If President Putin believes he can hide the reason for his war, he will have to think again. It’s a well-documented event, now, that makes perfect sense on paper. His problem is that it will harm Russia’s progress in every other way.
Alexander Dugin, the Russian philosopher said to have spent time with Putin, is forthright in his own way about matters. His lecturing on Russia’s history and values is respected in his homeland and has some plaudits overseas.
“Russia was never fully colonised by the West. We resisted through all our history. We will do the same until the end of time. The West wants to annihilate us. We want just to limit its ambitions. And preserve our sovereignty and freedom. Our victory doesn’t mean the end of West.”

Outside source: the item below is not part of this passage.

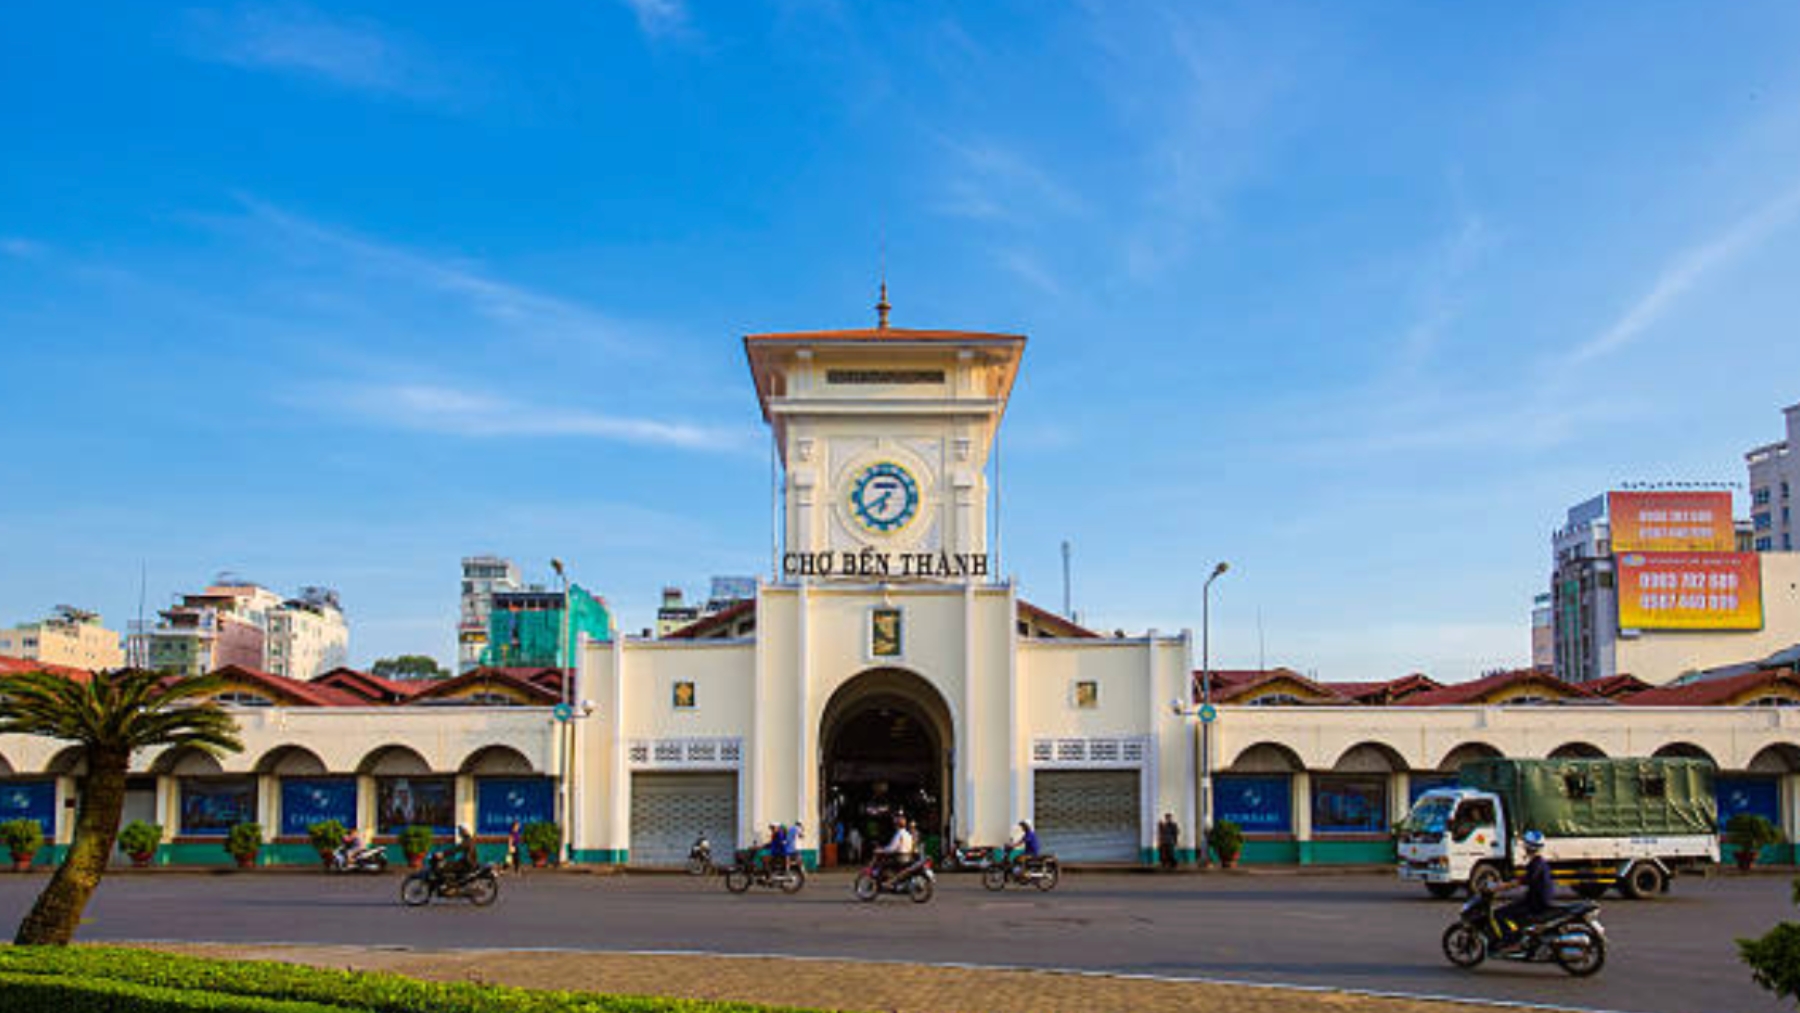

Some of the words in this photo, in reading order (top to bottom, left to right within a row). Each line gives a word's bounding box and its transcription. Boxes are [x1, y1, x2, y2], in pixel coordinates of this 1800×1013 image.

He’s recognisably Russian in every single way, emphasising his nationalist values with a verve only patriots have. The notion of demise is wholly rejected at the core of his thesis, and is in fact his main point as he argues his life’s work.

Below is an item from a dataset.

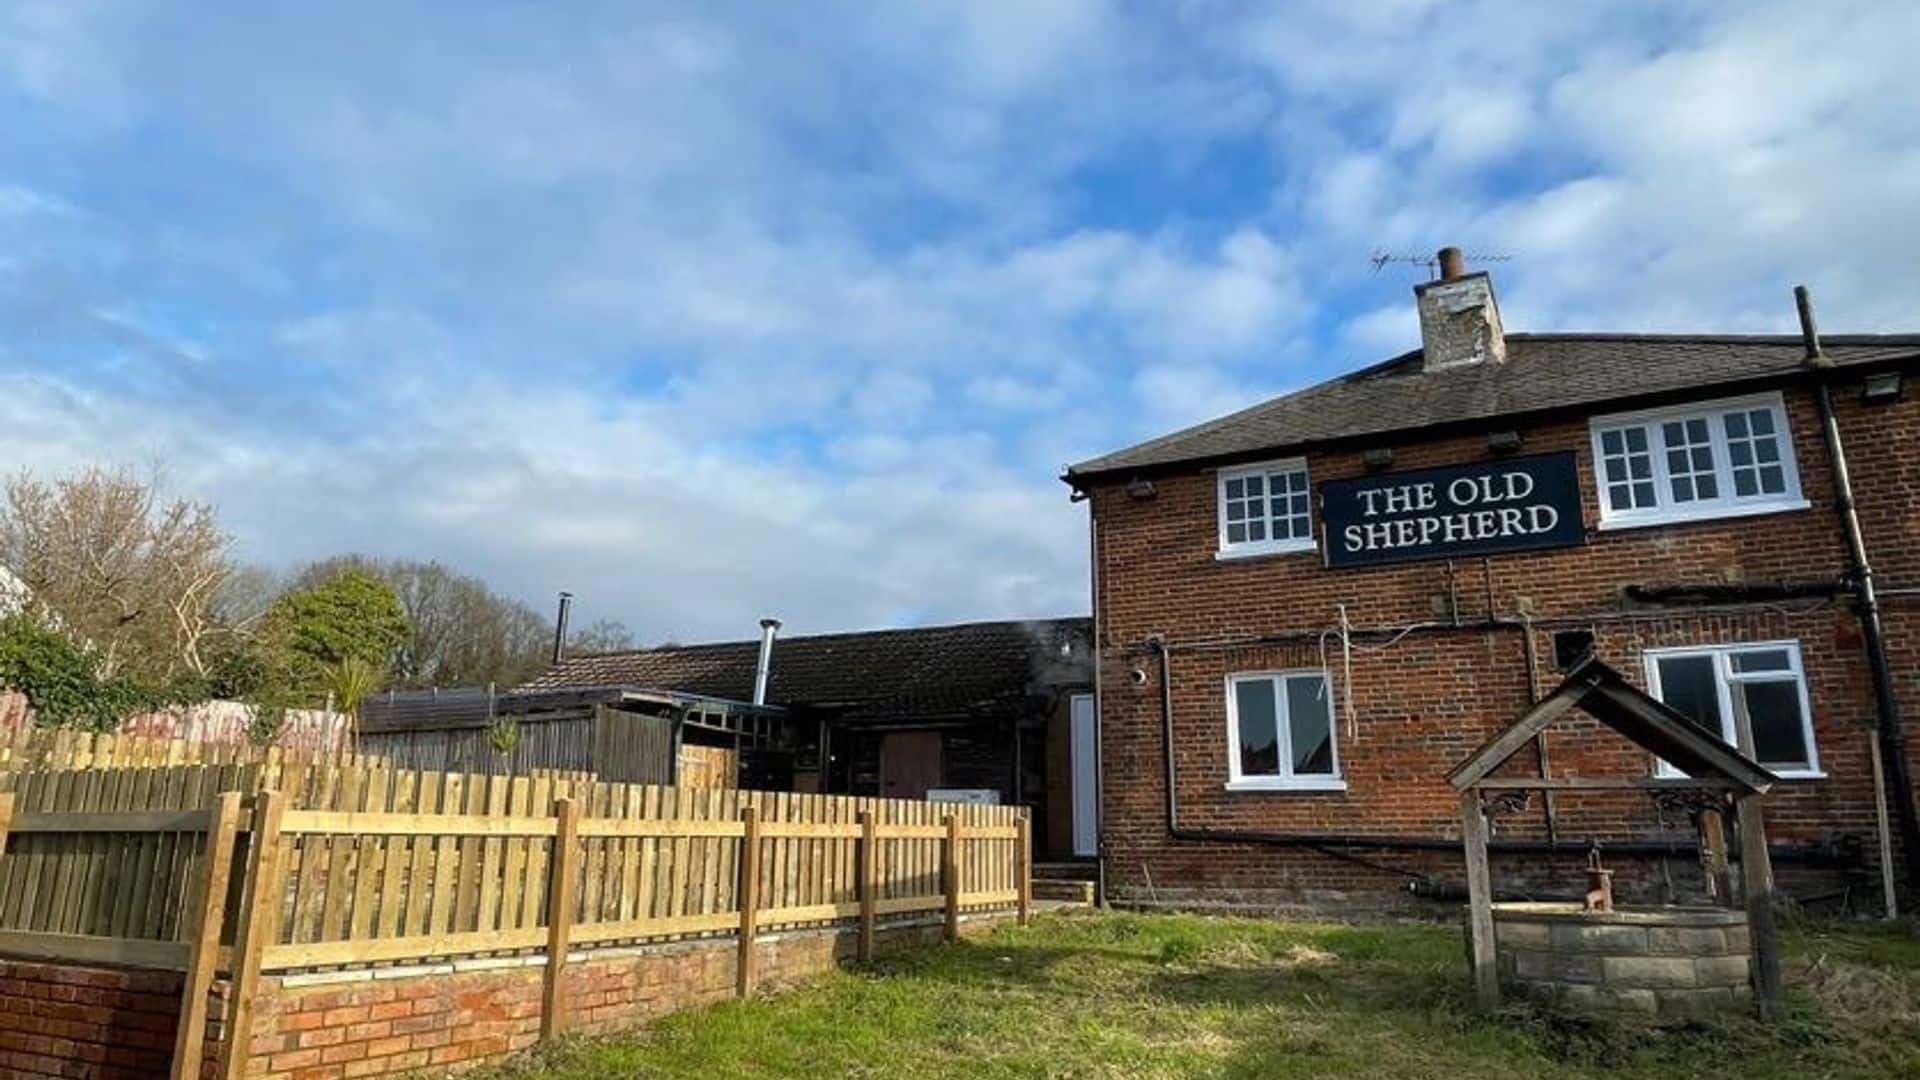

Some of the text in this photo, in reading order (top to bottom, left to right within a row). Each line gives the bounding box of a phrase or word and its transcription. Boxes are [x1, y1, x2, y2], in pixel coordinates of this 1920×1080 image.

[1357, 472, 1534, 516] THE OLD
[1344, 504, 1559, 552] SHEPHERD

In Russia, the fear of failure looms large at the highest level of politics and everything the West does is looked at with suspicion, bordering on paranoia, because economic and social dynamism is a threat to its devotion to its own future.
The invasion of Ukrainian land adds to the complexity of Russia’s reach into Europe – and beyond. More people would be in range. More trouble would result out of it later. It’s not a prospect that can be ‘offered’ to a nation that would use it to press harder against us.